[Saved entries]

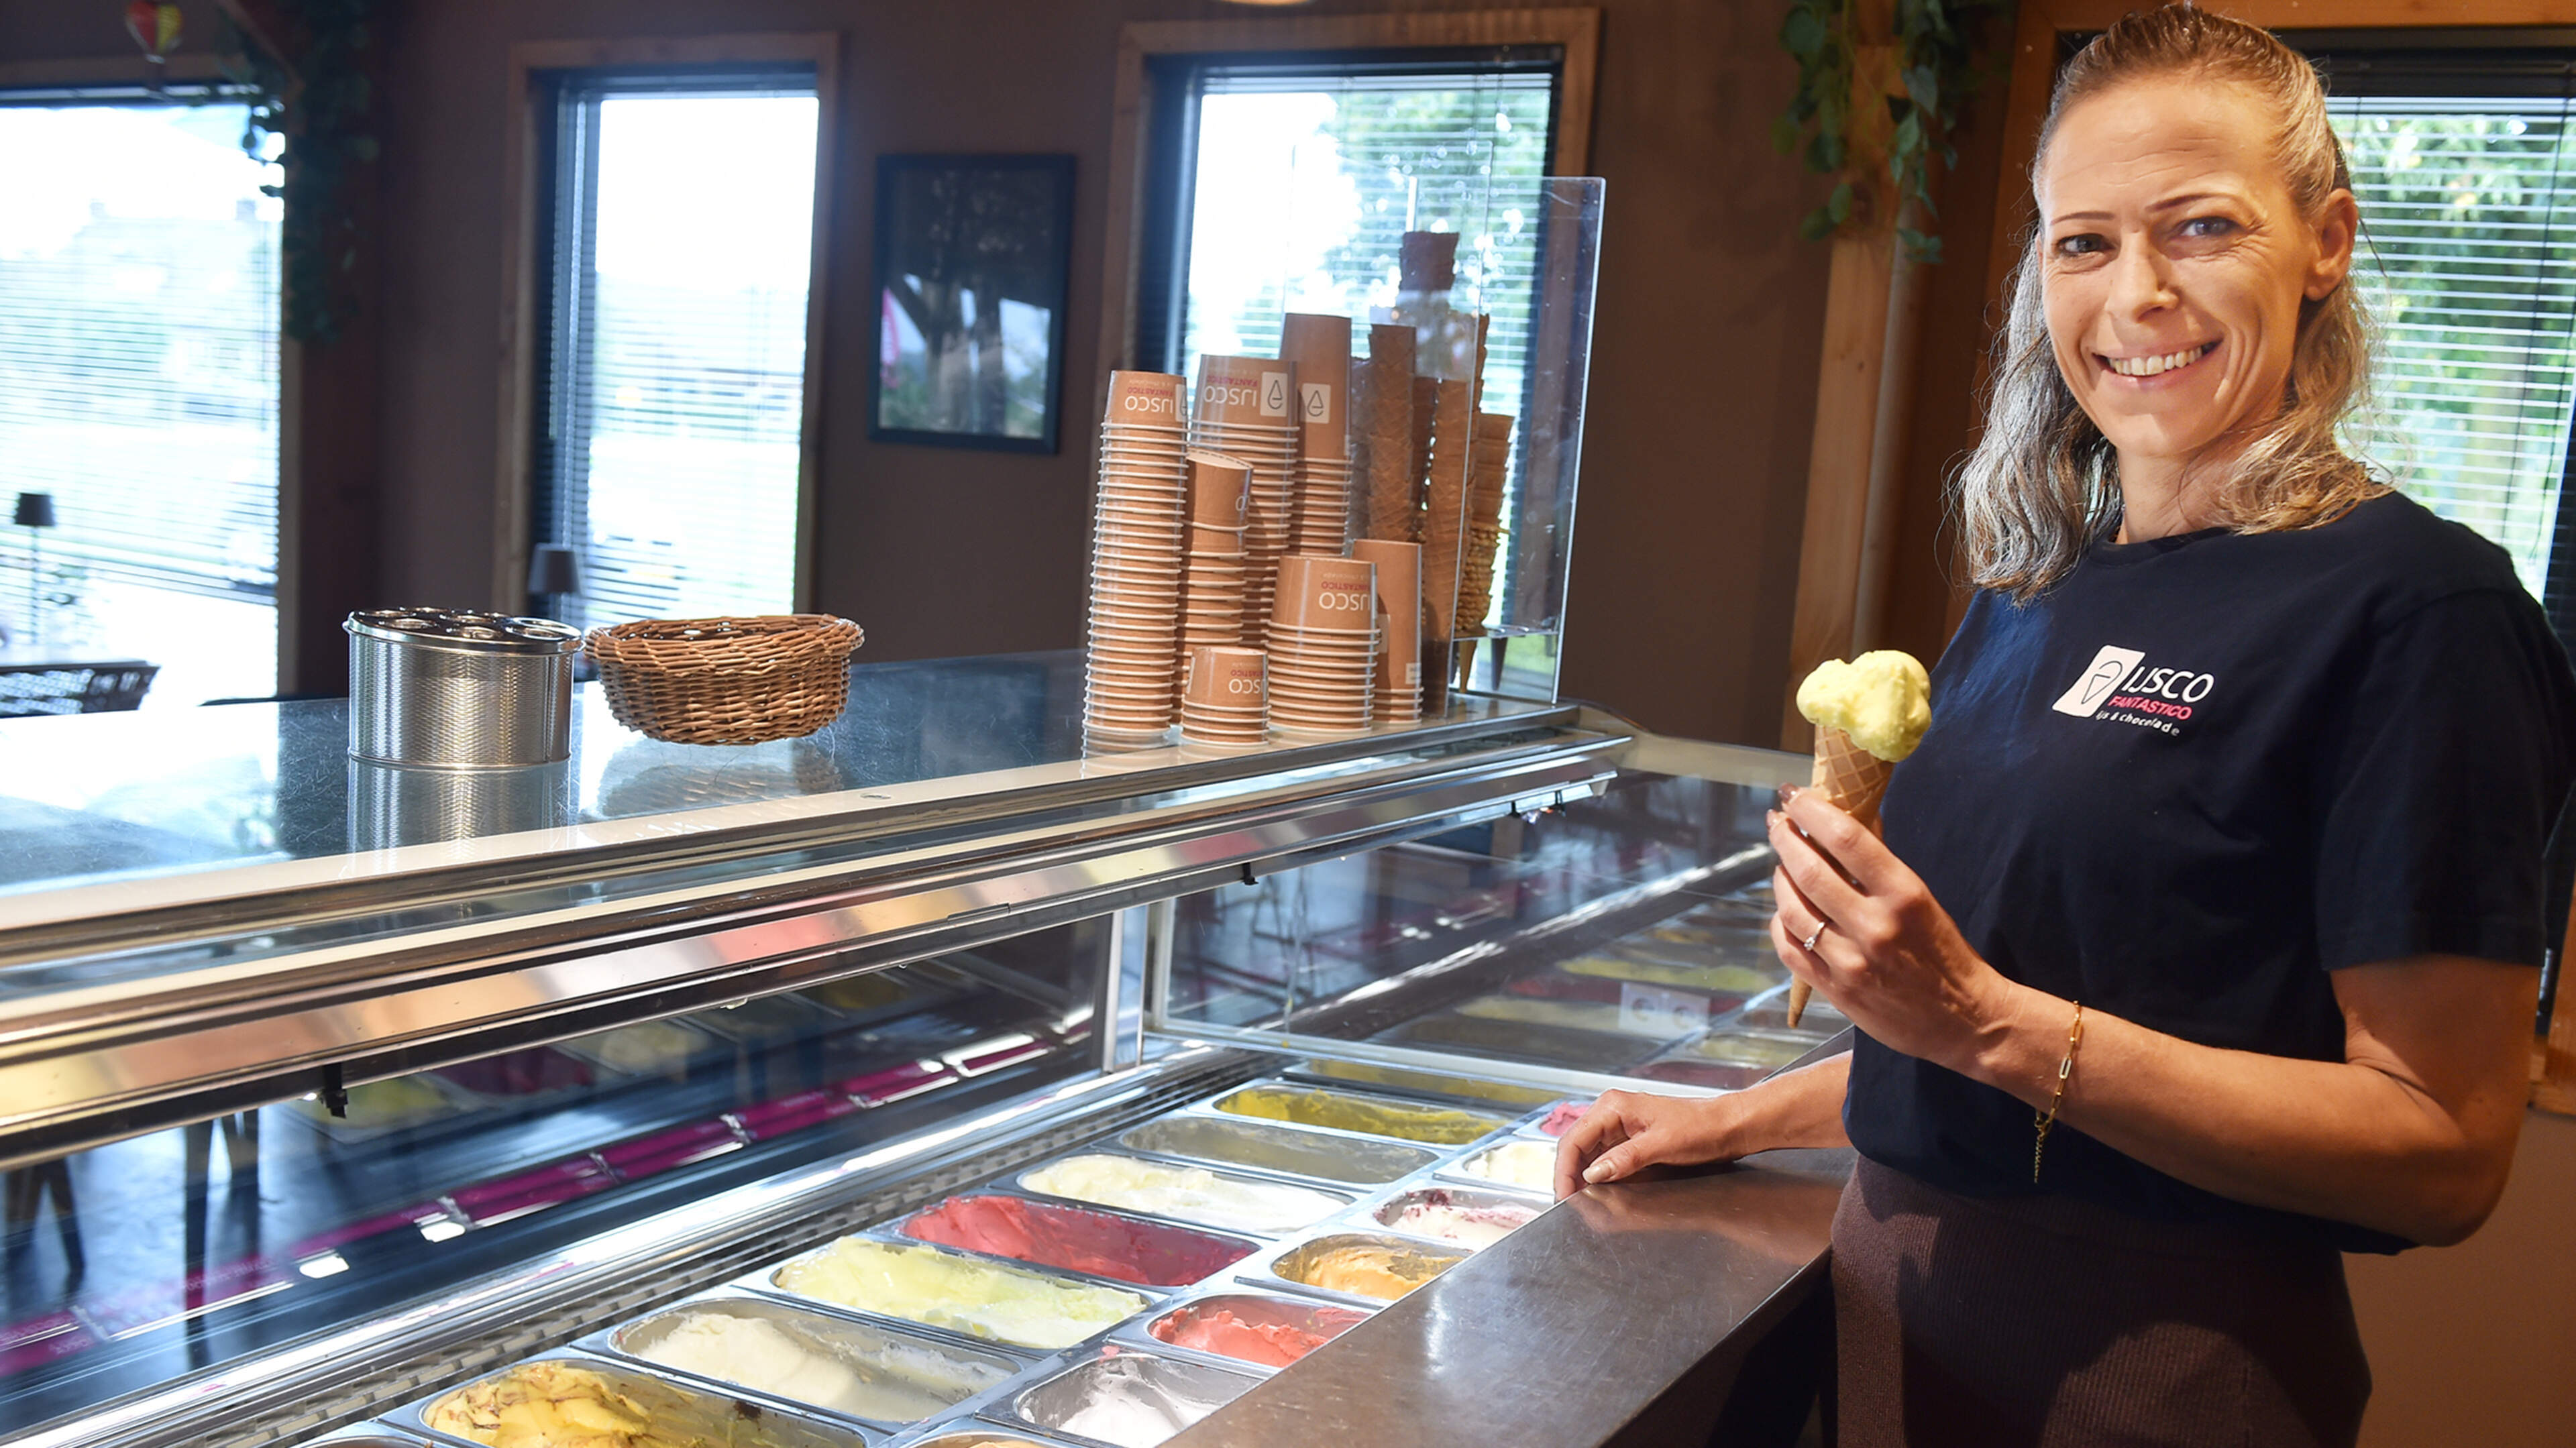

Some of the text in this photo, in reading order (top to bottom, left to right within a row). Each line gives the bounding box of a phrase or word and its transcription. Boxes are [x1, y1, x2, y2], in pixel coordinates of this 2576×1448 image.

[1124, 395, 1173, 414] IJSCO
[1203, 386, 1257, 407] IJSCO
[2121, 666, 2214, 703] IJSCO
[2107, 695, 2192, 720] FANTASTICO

Task details
Please repeat all of the data exactly as it stands, leaving the pictures out.

Problem solution
Some of the text in this photo, in reading order (top to bottom, left to right within a row). Each line gives the bounding box of a phrase or word and its transcription. Boxes are [x1, y1, x2, y2], in pixel coordinates of this 2576×1448 image.

[1124, 395, 1173, 414] IJSCO
[1203, 386, 1257, 407] IJSCO
[2121, 666, 2214, 703] IJSCO
[2107, 695, 2192, 720] FANTASTICO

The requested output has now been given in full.